# Forgiveness???



## LadyFlynt (Apr 28, 2005)

Okay, slight vent warning.

For those that don't know I haven't spoken with my momma for 2yrs this May...or rather her dear (sarcastic) hubby cut me off from the family and no one (except dear step-grandma) has spoken to me. The situation is bad enough that we never even told them that we moved or that I am expecting again (they didn't know last time till I was more than 6months along). The issues go all the way back to my childhood and really extend into their childhoods if truth be told.

They quit speaking to us because we refused to let them watch the children (for protective reasons). My grandmother has finally quit questioning it and making excuses for them.

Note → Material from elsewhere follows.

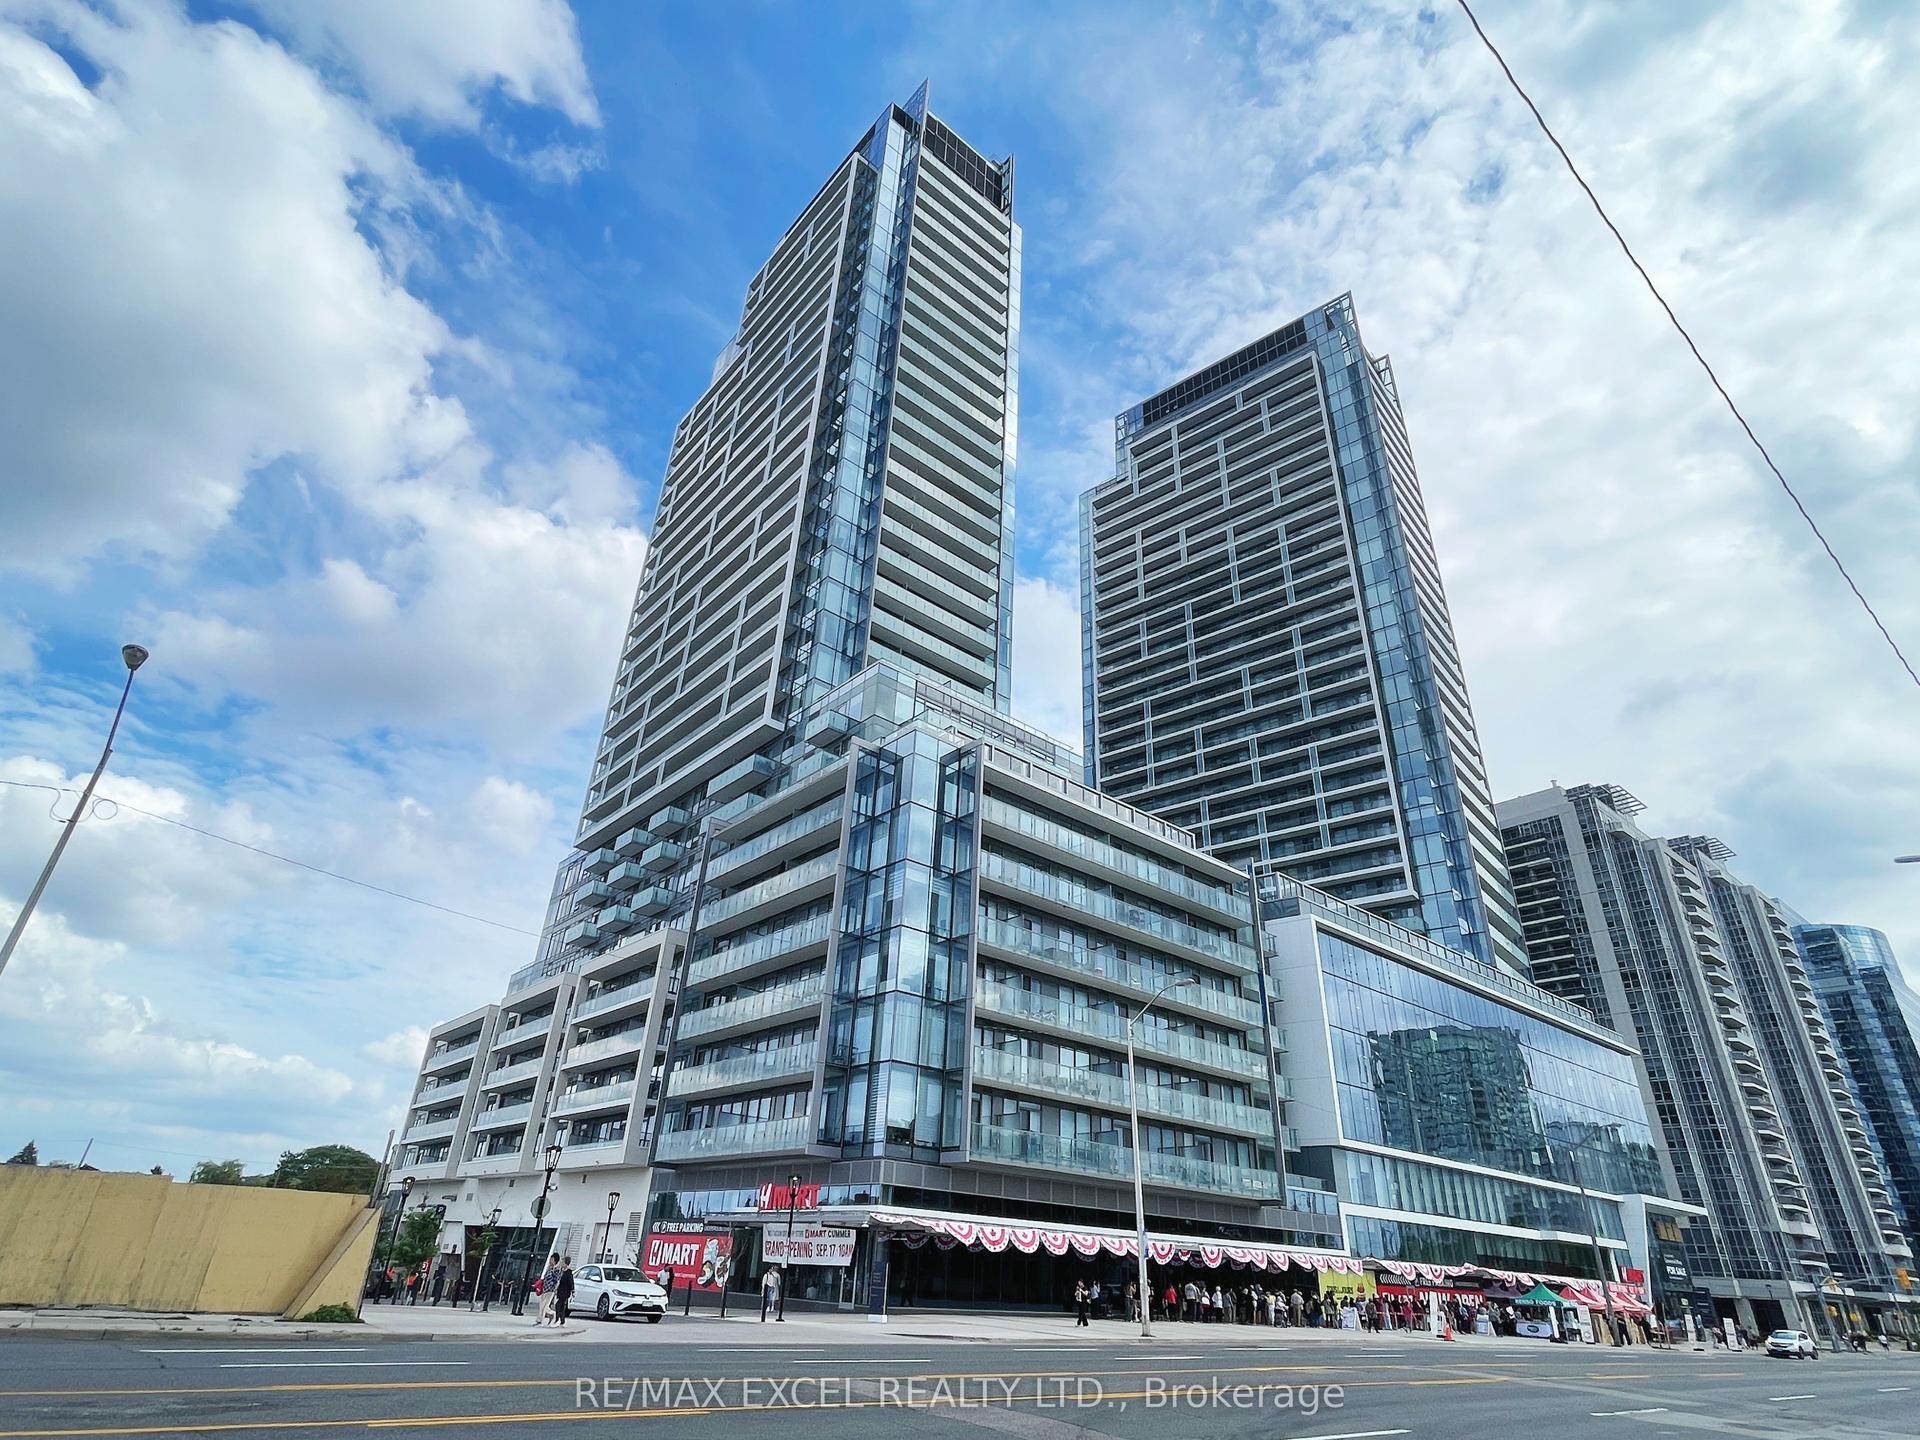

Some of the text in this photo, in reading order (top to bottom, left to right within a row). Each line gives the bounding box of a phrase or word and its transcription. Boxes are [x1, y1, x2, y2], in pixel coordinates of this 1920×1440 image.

The issue is now someone else whom I have no clue as to how to respond to.

There is a lady with MS that goes to momma's church that managed to get my old addy from my step-dad (the letters get forwarded as does grandma's mail). I have explained to her in letter form and over the phone that I HAVE forgiven them, but I must first obey my husband, and second protect my children. Also that I was NOT the one to break contact and they could have contacted me at anytime and chose not to do so.

She still keeps sending me things asking if I've "truely forgiven them"...or do I know what "true christian forgiveness is", etc. I just want to scream! She has no clue how painful the past is to me or how happy I have been since they cut me off. It has been so peaceful the past two years.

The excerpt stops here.